*** Extracted material ***
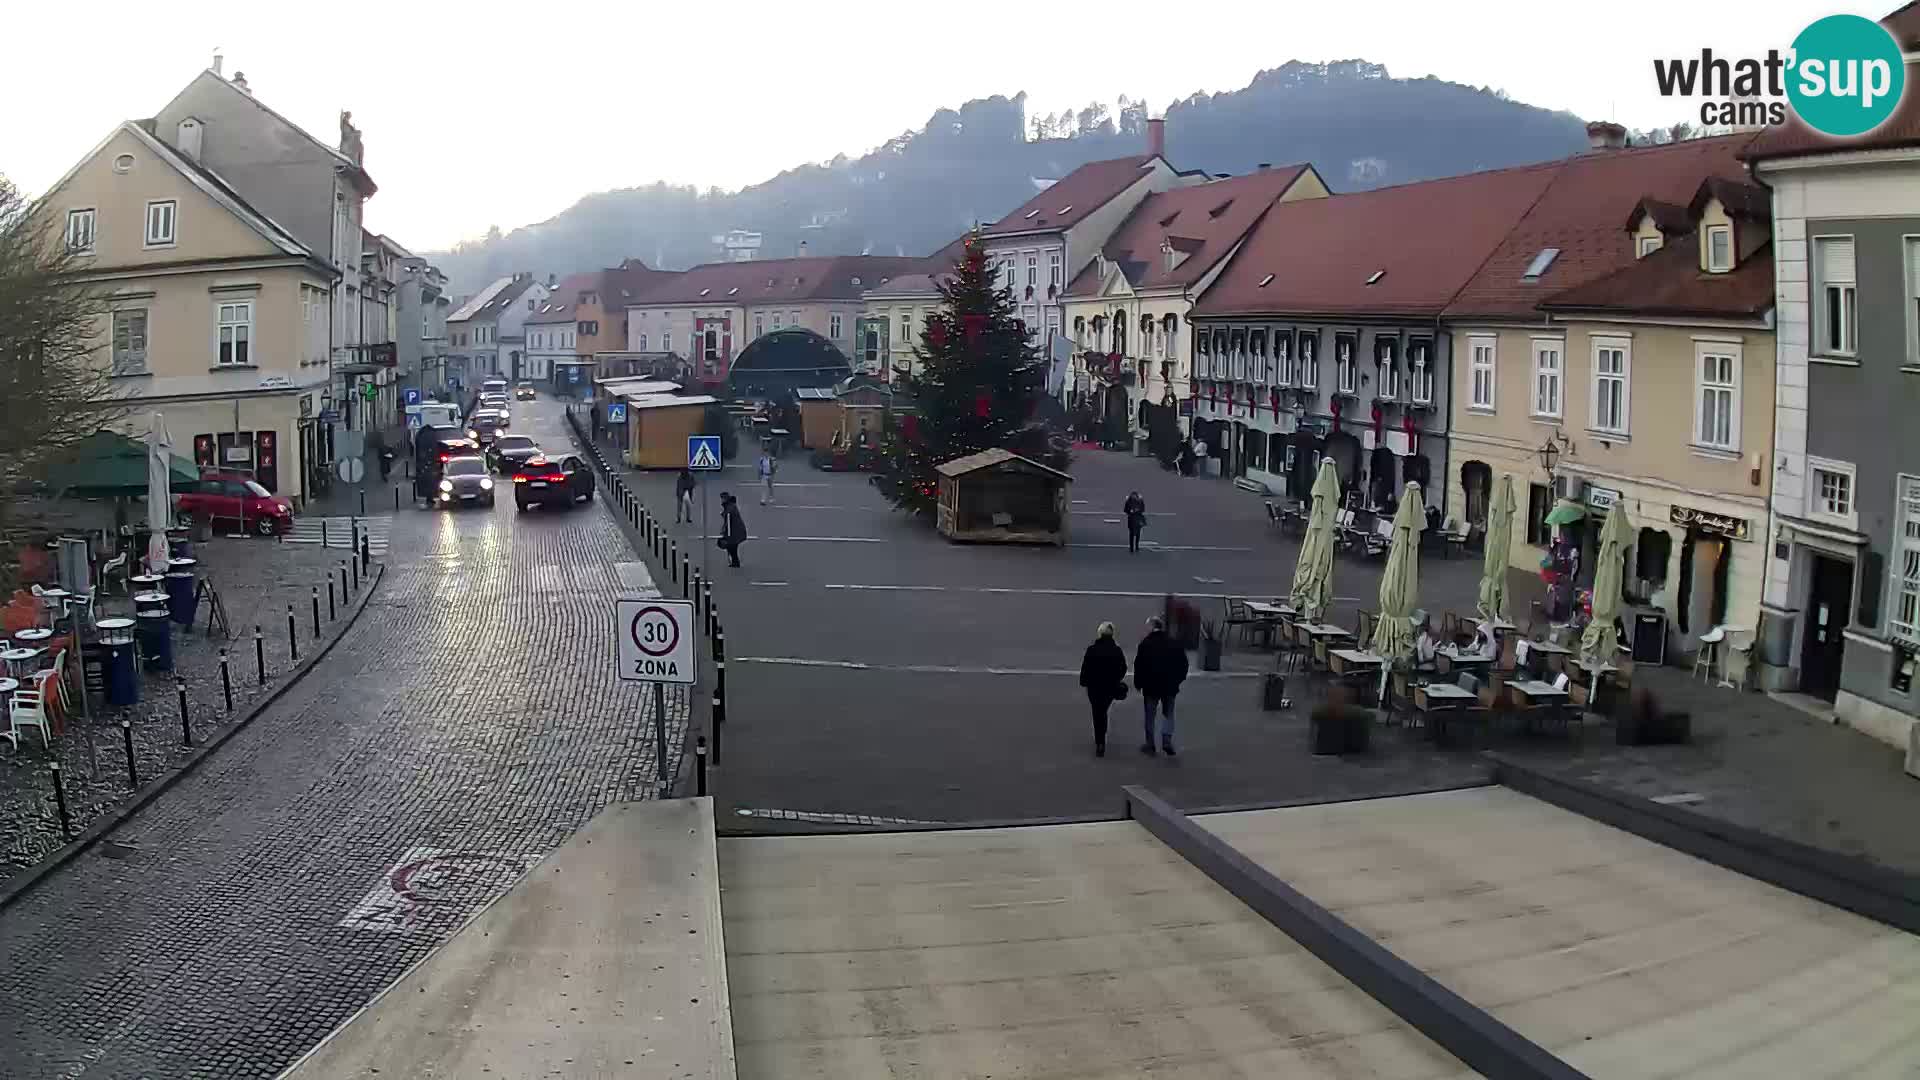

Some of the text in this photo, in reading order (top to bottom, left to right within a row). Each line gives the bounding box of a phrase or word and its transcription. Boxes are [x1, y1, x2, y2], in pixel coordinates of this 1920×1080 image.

[408, 391, 417, 402] P
[644, 622, 667, 643] 30
[634, 659, 678, 676] ZONA
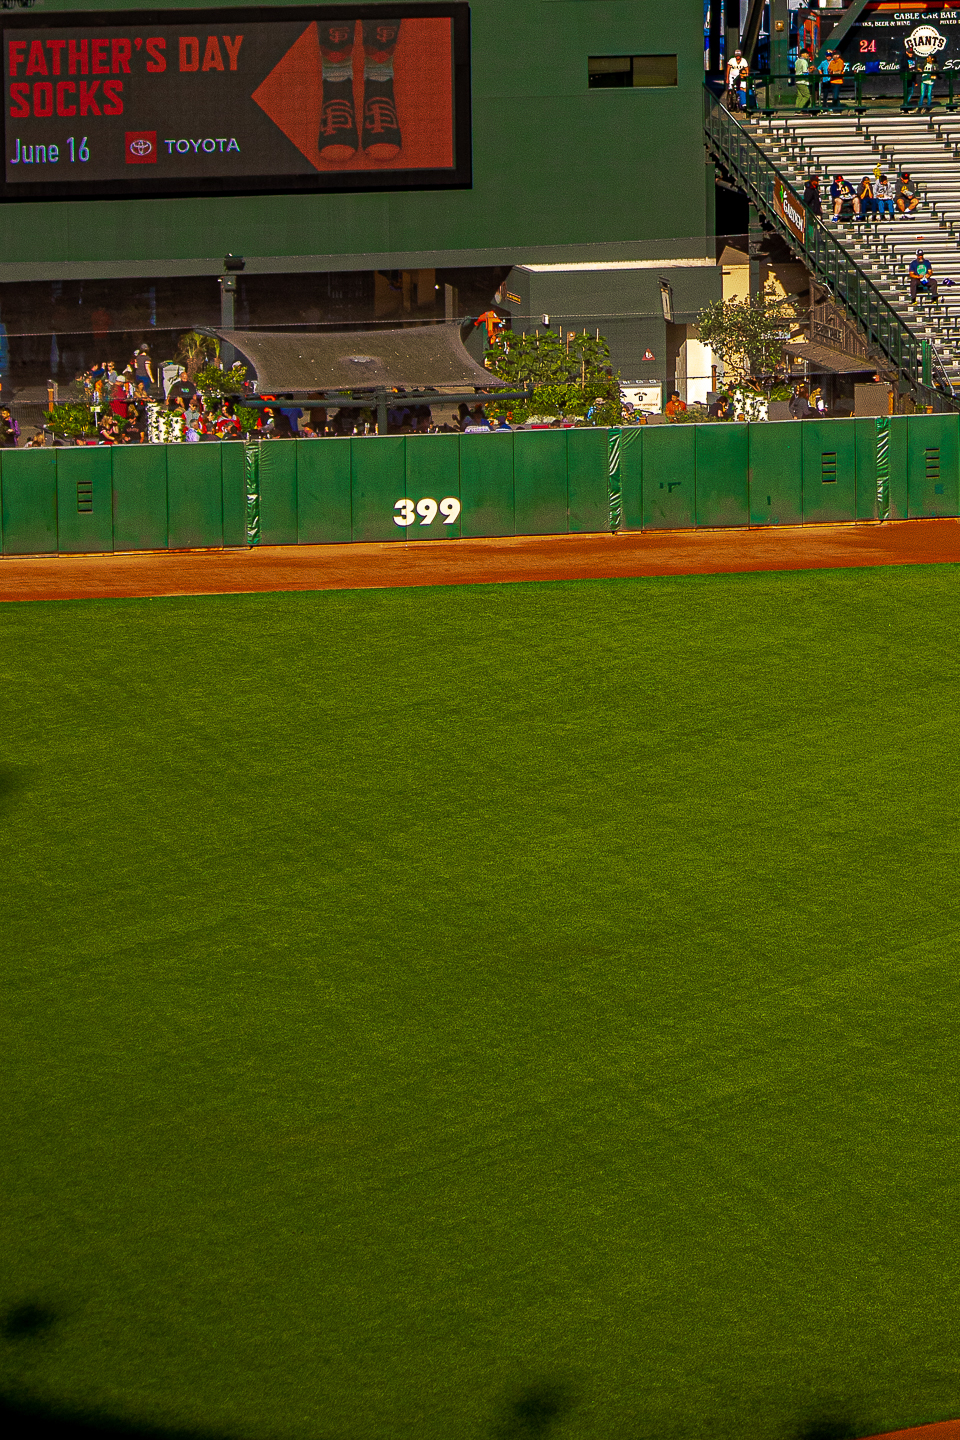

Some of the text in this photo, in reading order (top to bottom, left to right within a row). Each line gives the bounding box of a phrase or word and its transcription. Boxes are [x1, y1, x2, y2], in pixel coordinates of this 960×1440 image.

[894, 12, 920, 20] CABLE
[940, 11, 957, 19] BAR
[860, 40, 876, 52] 24
[906, 35, 945, 49] GIANTS
[8, 35, 244, 77] FATHER'S DAY
[9, 80, 124, 118] SOCKS
[10, 136, 90, 164] June 16
[164, 138, 240, 154] TOYOTA
[393, 497, 462, 527] 399
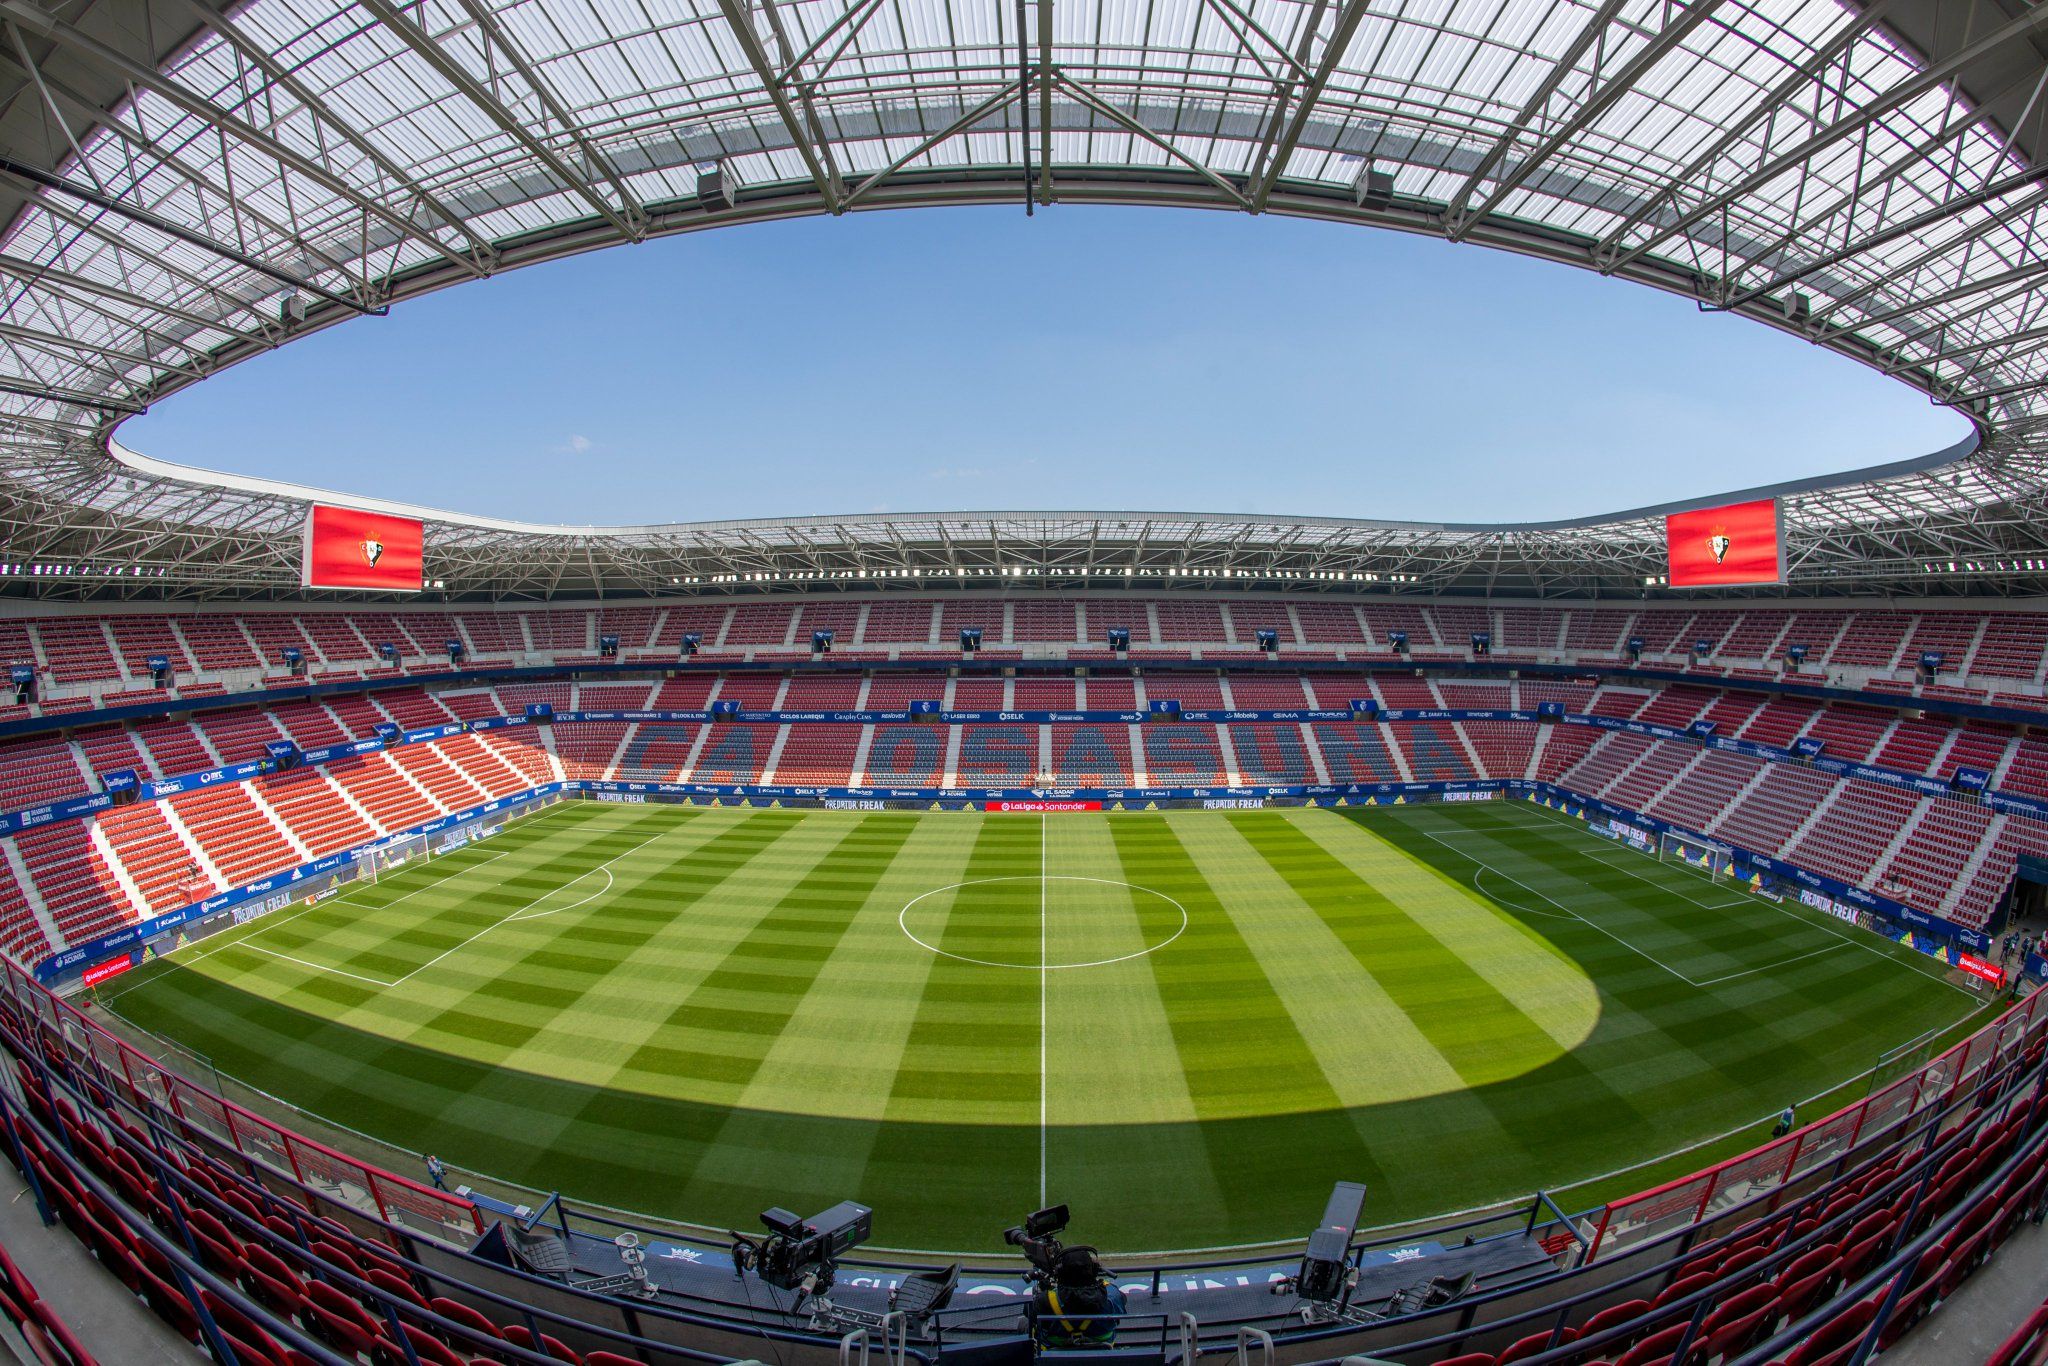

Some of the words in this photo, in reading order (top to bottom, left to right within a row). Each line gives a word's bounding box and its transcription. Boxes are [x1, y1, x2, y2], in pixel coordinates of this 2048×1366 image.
*** End of Extracted material ***
Task objective: Your copy should match the records above exactly, apart from the pictures, which stay out.

Expected answer:
Some of the text in this photo, in reading order (top to bottom, left to right within a row). Each line gives the bounding box of a phrase or word and its transcription. Boxes are [x1, y1, x2, y2], in pixel coordinates of this 1920×1080 image.

[408, 391, 417, 402] P
[644, 622, 667, 643] 30
[634, 659, 678, 676] ZONA

Some of the text in this photo, in reading order (top to bottom, left to right within a row). Each line gives the bounding box of a phrase or word and its transcription. Boxes are [x1, y1, x2, y2], in pixel coordinates of this 960×1440 image.

[894, 12, 920, 20] CABLE
[940, 11, 957, 19] BAR
[860, 40, 876, 52] 24
[906, 35, 945, 49] GIANTS
[8, 35, 244, 77] FATHER'S DAY
[9, 80, 124, 118] SOCKS
[10, 136, 90, 164] June 16
[164, 138, 240, 154] TOYOTA
[393, 497, 462, 527] 399

Some of the words in this photo, in reading order (top to bottom, left to right within a row). Each line gives a word's bounding box and its transcription. Boxes are [x1, y1, x2, y2], in pixel coordinates of this 2048×1366 image.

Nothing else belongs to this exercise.